Security researchers found and disclosed more than 200 vulnerabilities in Trend Micro security products since July...
2016. Despite the severity of flaws experts don't foresee lasting damage to the company's brand.
Security researchers Roberto Liverani and Steven Seeley discovered and reported 223 flaws to Trend Micro since July 29, 2016. The vulnerabilities were found in 11 different Trend Micro security products and 194 would be considered critical, allowing remote code execution without user interaction. One issue in Trend Micro Data Loss Prevention could even lead to a full network compromise.
Jon Clay, global director of threat communications at Trend Micro, noted the vulnerabilities were not found in the company's endpoint or Deep Security products.
"Trend Micro takes every vulnerability found within our products seriously regardless of whether it is multiple submissions or a single submission," the company said in a statement. "We know there is a growing interest and level of activity in vulnerability research, and we are dedicated to rapidly addressing any issues that are uncovered by the research community."

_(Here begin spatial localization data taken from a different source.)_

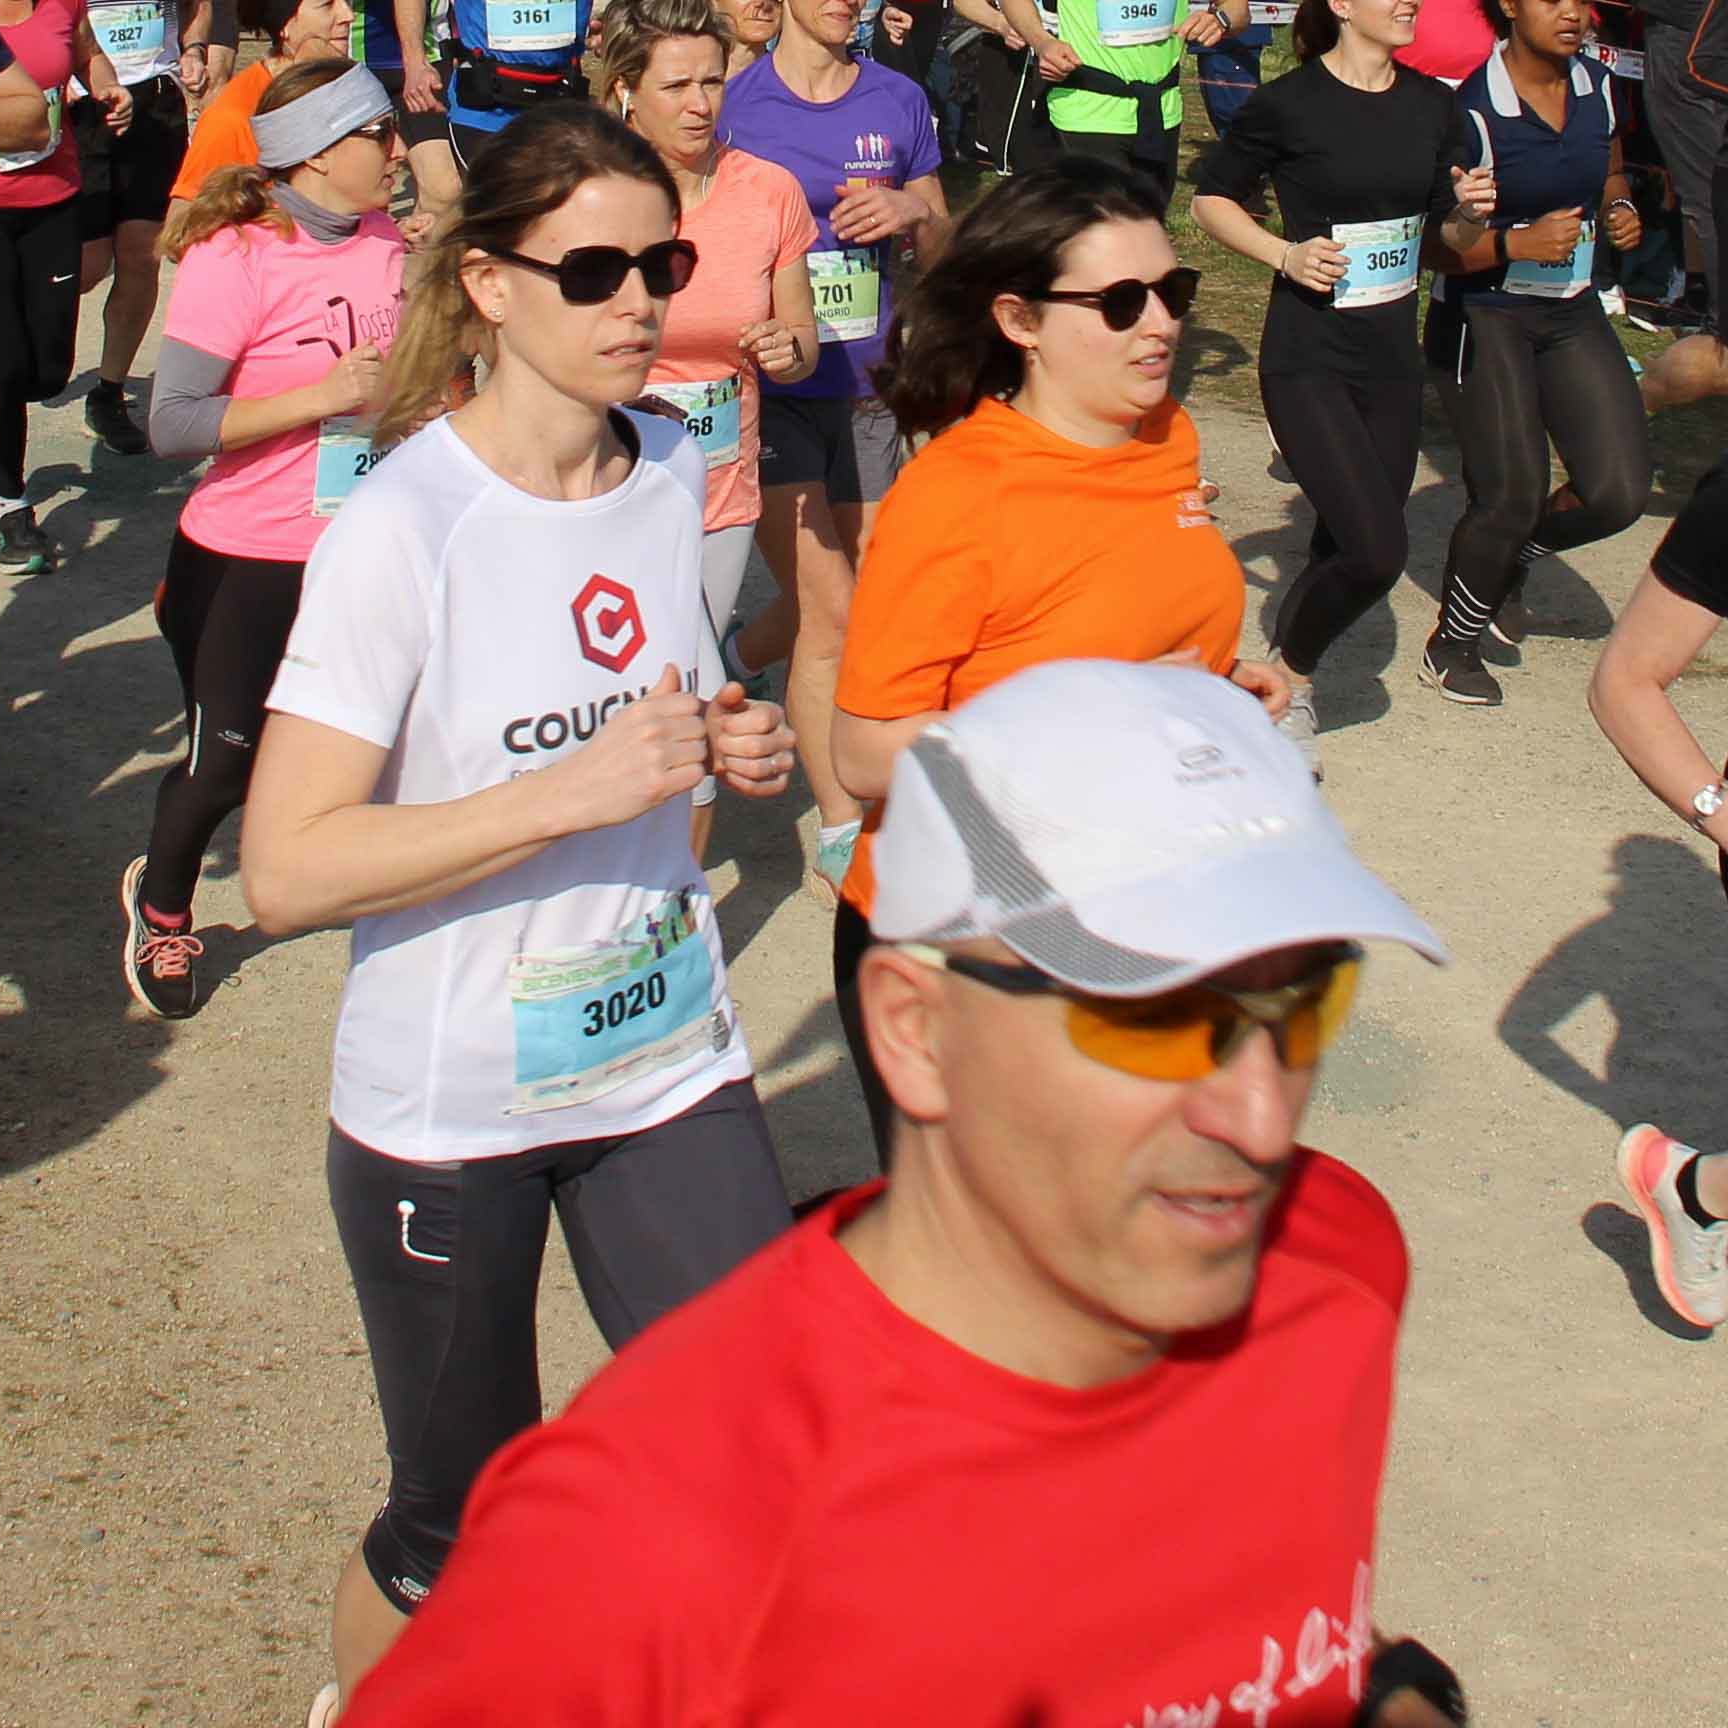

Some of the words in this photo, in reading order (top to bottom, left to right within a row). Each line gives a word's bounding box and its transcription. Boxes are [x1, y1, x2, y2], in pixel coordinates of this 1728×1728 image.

[512, 9, 552, 24] 3161
[1121, 3, 1158, 19] 3946
[108, 27, 143, 43] 2827
[1367, 248, 1409, 271] 3052
[818, 283, 854, 306] 701
[686, 415, 713, 437] 68
[582, 971, 667, 1038] 3020

Trend Micro told SearchSecurity that its Data Loss Prevention product has reached its official End of Support date and "customers have been advised to migrate to an alternate solution that is not affected."
"It is also important to note that there is no evidence that suggests that any of the proof of concept exploits reported to us were ever used publicly," a Trend Micro spokesperson said. "While vulnerabilities are an unfortunate reality of any software development, we are also working proactively with our R&D teams to address and improve areas in which our development process can be strengthened."

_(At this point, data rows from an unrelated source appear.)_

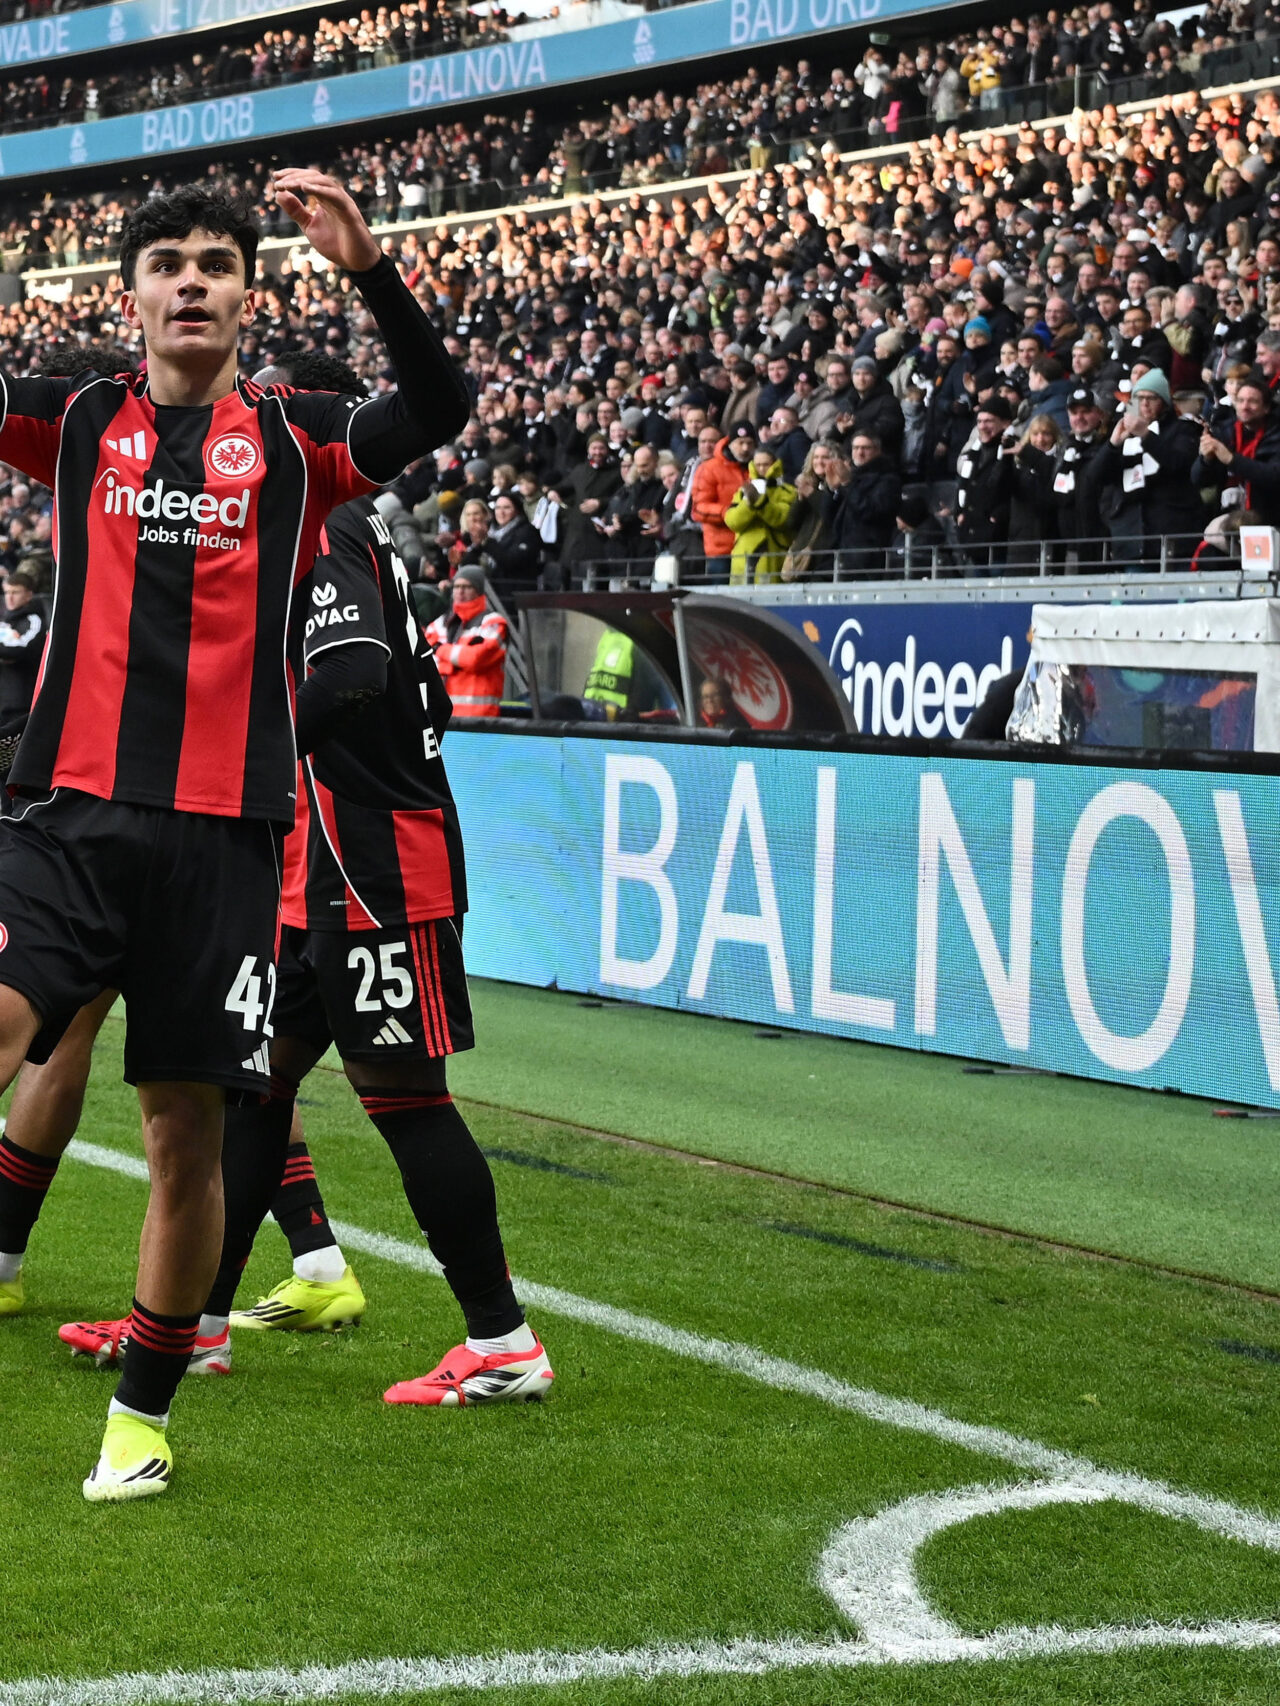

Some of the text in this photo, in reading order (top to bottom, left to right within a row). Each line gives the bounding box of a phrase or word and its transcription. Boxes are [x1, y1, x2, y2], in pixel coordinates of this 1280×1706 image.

[408, 40, 547, 107] BALNOVA
[142, 95, 255, 154] BAD ORB
[96, 468, 251, 529] indeed
[138, 525, 241, 551] Jobs finden
[224, 955, 277, 1038] 42
[347, 941, 414, 1013] 25
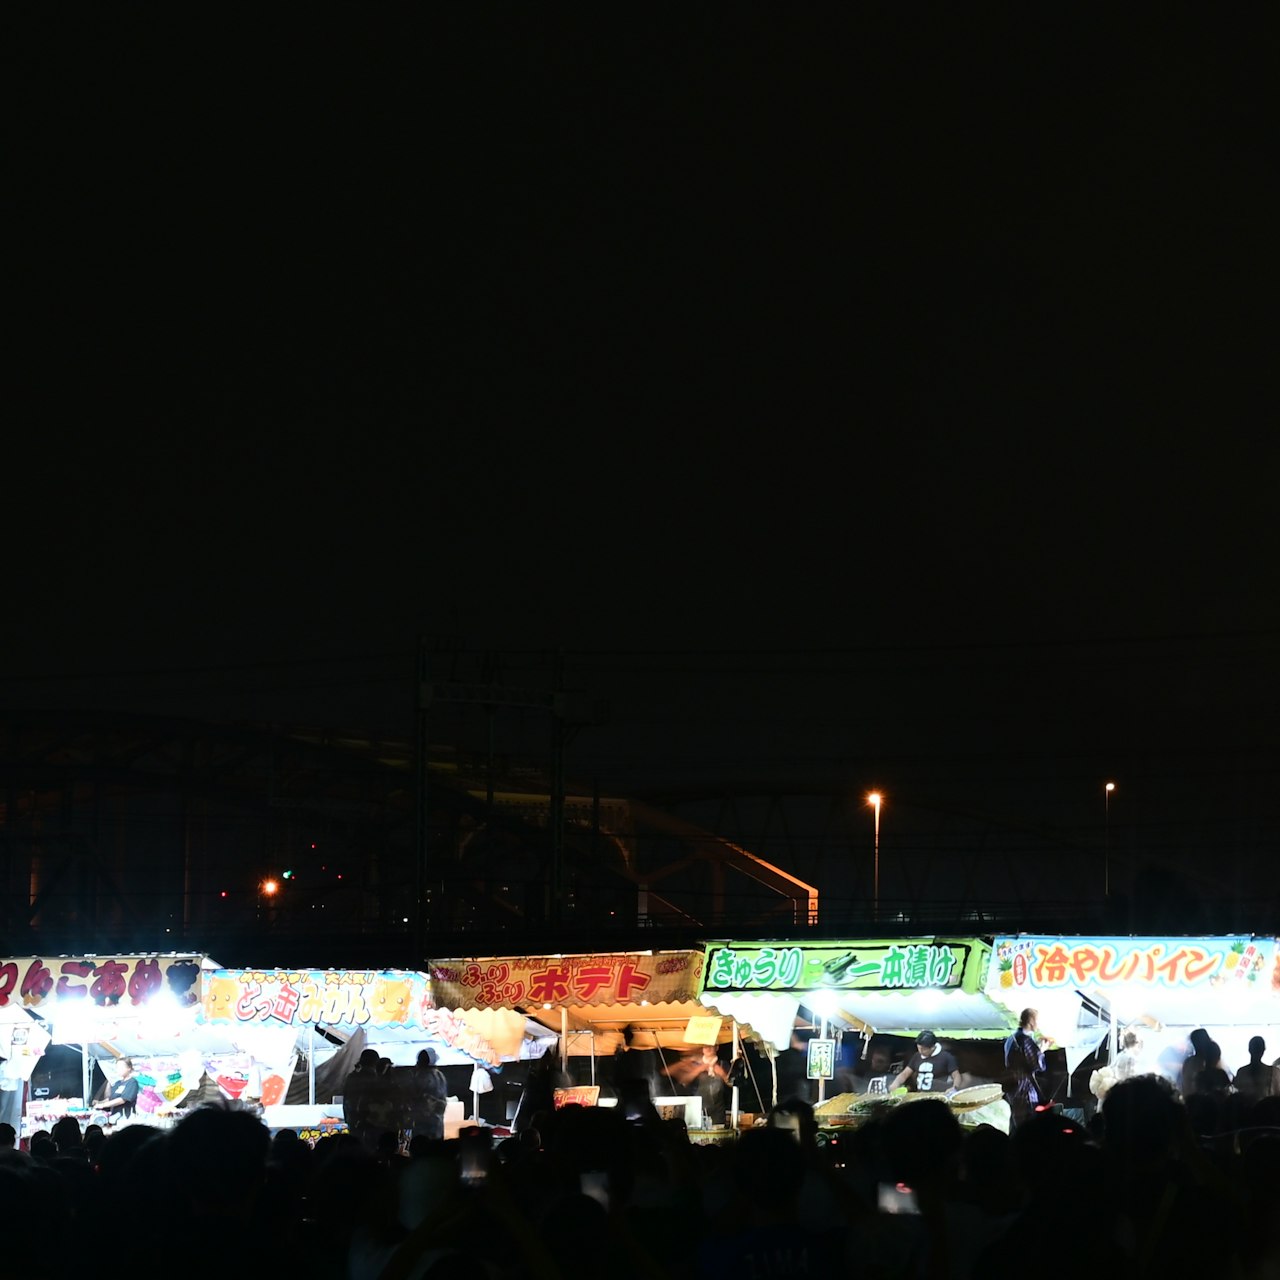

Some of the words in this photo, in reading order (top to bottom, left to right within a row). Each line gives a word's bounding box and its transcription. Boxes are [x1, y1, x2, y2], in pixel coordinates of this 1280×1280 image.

[525, 963, 652, 1004] ポテト
[711, 946, 804, 988] きゅうり
[849, 945, 955, 988] 一本漬け
[1033, 945, 1218, 983] 冷やしパイン

Seeley told Forbes that Trend Micro was quick to respond to the vulnerability disclosures but questioned the company's security audits and said one patch Trend Micro issued "completely failed."
Jon Miller, chief research officer at Cylance Inc., agreed that code reviews should have found the flaws in Trend Micro security products.
"The same methodology that is used to find these vulnerabilities by third parties needs to be completed by the authors before they release the product to consumers," Miller told SearchSecurity. "However it can only happen after the code has been written and normally the priority is to get the product to market."
Chris Eng, vice president of research at Veracode, said his advice to Trend Micro would be the same as he'd give to any software company.
"Security companies should incorporate security into all phases of the development process. That includes training developers on secure coding as well as ensuring security testing is conducted throughout development and certainly prior to release," Eng told SearchSecurity. "Security testing doesn't find 100% of issues, so they should also have processes for responding to vulnerability reports to ensure they communicate transparently with researchers around timeframes for patching."
Trust and brand damage
Experts generally weren't surprised to hear of so many vulnerabilities found in a security company's products and said many similar companies have not earned the trust of users.
Chris Bisnett, co-founder of Huntress Labs, said Microsoft had similar issues in the early 2000s and ultimately had to "completely redesign their software development lifecycle."
"Now many of their products are extremely well-written and tested. In some aspects, they are industry leaders in security. Considering that, any company can rebound if they make it a priority," Bisnett told SearchSecurity. "Trust is earned and 200-plus vulnerabilities demonstrate a significant failure to care about the security of the customers they are protecting. With that said, most complex software is probably just as vulnerable regardless of the vendor."
Miller agreed that customers "shouldn't trust any of their vendors"
"Contrary to marketing, nothing stops 100% of attacks, no solution is the silver bullet, and the only way we will move past incidents like this is if consumers start holding vendors accountable," Miller said.
Despite the view that users should distrust Trend Micro, experts don't foresee any lasting damage to the company's brand.
Paul Calatayud, CTO at FireMon, said he doesn't expect these issues "will materially impact Trend in the long run."
"The lesson here is to understand that security companies are comprised of people developing software more than security practitioners," Calatayud told SearchSecurity. "Many companies have fallen victim to cyberattacks and security companies are not immune. In some respects, they are more of a target than most given the fact that they are often promoting how their products can stop the bad guys."
Eng said Trend Micro "can absolutely rebound from this."
"Trend Micro is hardly alone here. Similar vulnerabilities have been found in other AV products, and it's not uncommon to find rampant vulnerabilities in legacy products that were built under a less robust [software development life cycle]," Eng said. "There is no reason to think Trend Micro won't be able to address these issues. This may serve as a wake-up call to rethink and improve upon the security processes that they already have."
Bisnett said the frequent critical vulnerabilities found by Google Project Zero could mean "the entire industry will feel some of this blow back."
"As for Trend Micro specifically, it seems likely they will weather this blow just as Target weathered their massive breach," Bisnett said. "Consumers are saturated by the threat of hackers, and I personally feel many consumers have grown numb."